Default Configuration Attributes

Field Default Value Purpose
global_hotkey <ctrl>+<alt>+space Trigger for starting/stopping the capture.
server_url http://localhost:8080 Endpoint for the Whisper transcription API.
save_path Path.cwd() Default directory for permanent session storage.
buffer_duration 13 Duration in seconds of the pre-record ring buffer.

Sources: src/omega13/config.py:#L30-L45, src/omega13/audio.py:#L15-L16

4. Audio Capture and Hotkey Logic

The system uses a “toggle” mechanism to control recording. This is implemented via a CLI flag --toggle that sends signals to a running instance identified by a PID file. This approach bypasses Wayland’s security restrictions on global key-sniffing by delegating hotkey management to the Desktop Environment.

Sources: src/omega13/app.py:#L175-L200, README.md:#L60-L75

5. Transcription and Data Flow

Transcription is an asynchronous process. When a recording ends, the file path is passed to the TranscriptionService. A fucking weird but functional deduplication logic exists in the session management: it compares new transcription segments against the last five entries to prevent overlapping text if the engine captures redundant audio.

Transcription Logic Invariants

  • Cooperative Shutdown: The service uses a threading.Event to ensure threads are not abandoned during app exit.
  • Deduplication: The system joins the last 5 transcriptions (~500 words) to find the longest matching suffix with the new segment’s prefix.
  • Clipboard Integration: If enabled in config.json, the result is automatically pushed to the system clipboard.

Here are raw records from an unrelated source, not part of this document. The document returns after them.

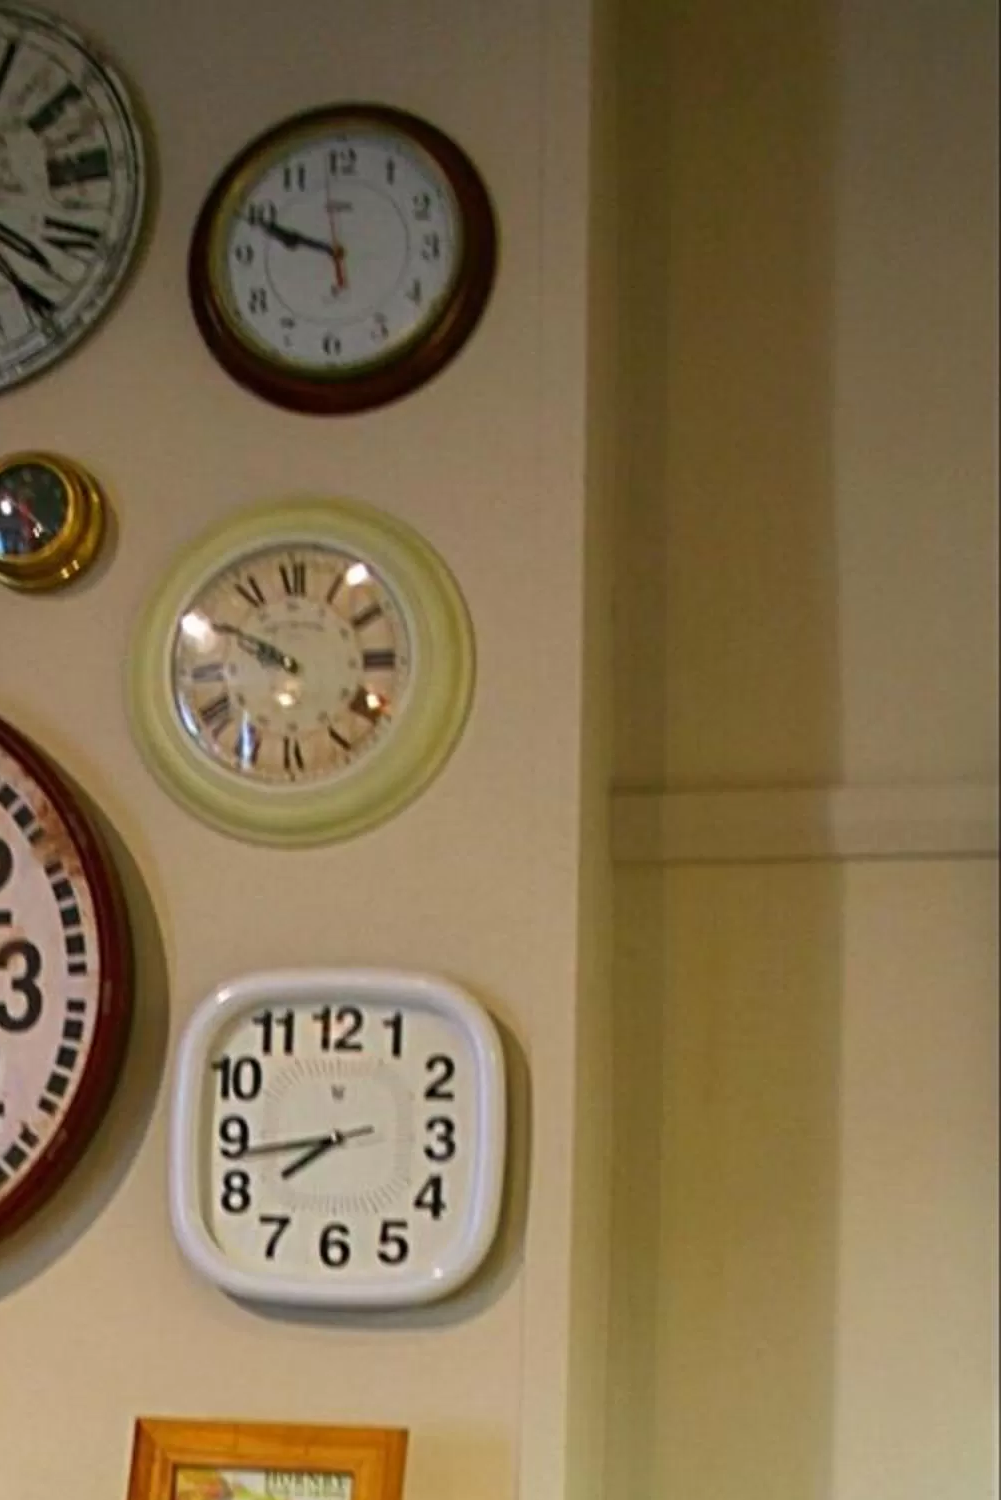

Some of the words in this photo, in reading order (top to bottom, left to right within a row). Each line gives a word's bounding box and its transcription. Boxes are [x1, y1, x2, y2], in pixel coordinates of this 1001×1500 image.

[252, 1008, 295, 1056] 11
[311, 1004, 364, 1052] 12
[382, 1011, 404, 1059] 1
[210, 1054, 263, 1102] 10
[423, 1054, 456, 1101] 2
[219, 1115, 250, 1161] 9
[423, 1116, 456, 1162] 3
[220, 1170, 252, 1214] 8
[412, 1174, 447, 1220] 4
[258, 1215, 292, 1260] 7
[318, 1222, 351, 1268] 6
[376, 1220, 409, 1265] 5

Sources: src/omega13/transcription.py:#L66-L85, src/omega13/session.py:#L1-L30, src/omega13/config.py:#L40-L45

Conclusion

“Getting Started” with Omega-13 involves a multi-stage orchestration of JACK audio, system-level signal handling, and HTTP-based inference. The architecture is structurally dependent on external components (JACK and Whisper-Server) being pre-configured, while providing a TUI that acts as the central state coordinator. The most significant structural mechanism is the retroactive ring buffer, which ensures that the 13 seconds of audio preceding a user’s manual trigger are never lost.